▸ **TASK DIRECTIONS**
Each entry below is to be restated word for word, with no pictures carried over.

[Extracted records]

________________________________________

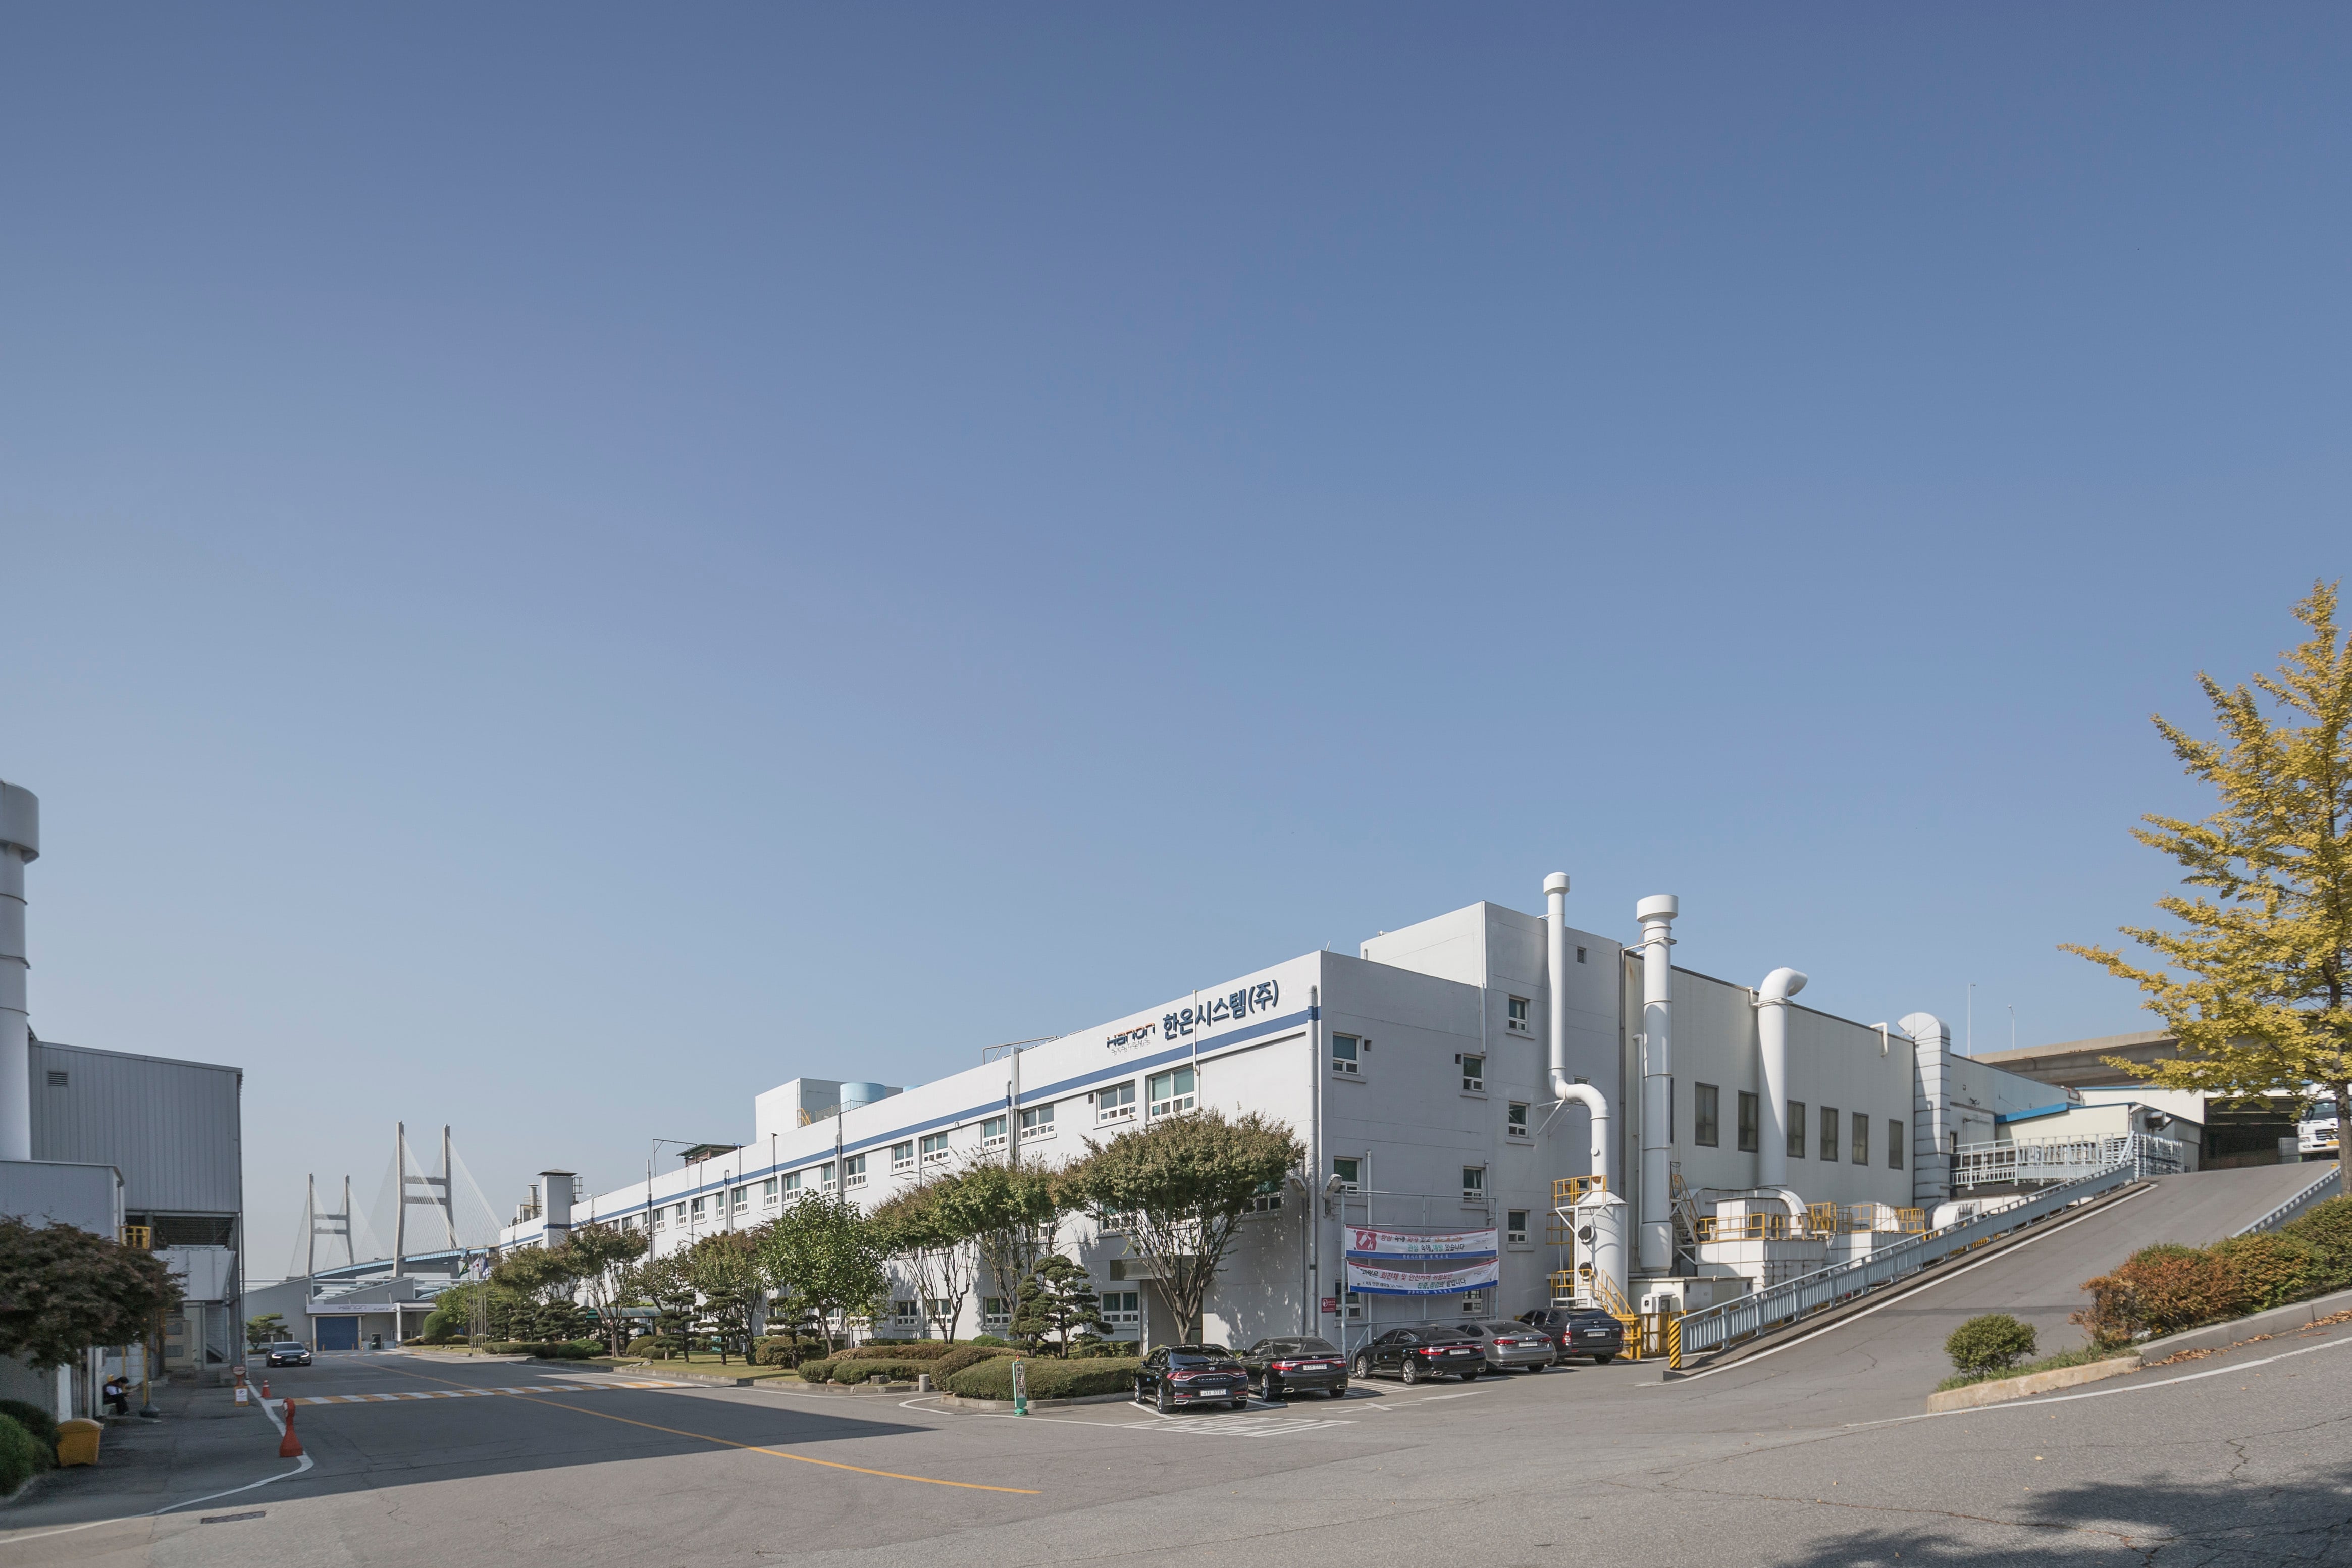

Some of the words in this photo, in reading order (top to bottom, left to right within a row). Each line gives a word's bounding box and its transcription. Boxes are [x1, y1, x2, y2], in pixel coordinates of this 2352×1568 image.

[1162, 980, 1278, 1040] 한온시스템(주)
[1111, 1038, 1151, 1056] SYSTEMS
[1445, 1243, 1465, 1251] 있습니다
[1380, 1272, 1399, 1281] 회전체
[1446, 1278, 1466, 1287] 달입니다

________________________________________

▸ **RESULT OF THIS TASK**
Some of the words in this photo, in reading order (top to bottom, left to right within a row). Each line gives a word's bounding box and its transcription. Boxes are [x1, y1, x2, y2], in pixel coordinates of this 2352×1568 image.

[1162, 980, 1278, 1040] 한온시스템(주)
[1111, 1038, 1151, 1056] SYSTEMS
[1445, 1243, 1465, 1251] 있습니다
[1380, 1272, 1399, 1281] 회전체
[1446, 1278, 1466, 1287] 달입니다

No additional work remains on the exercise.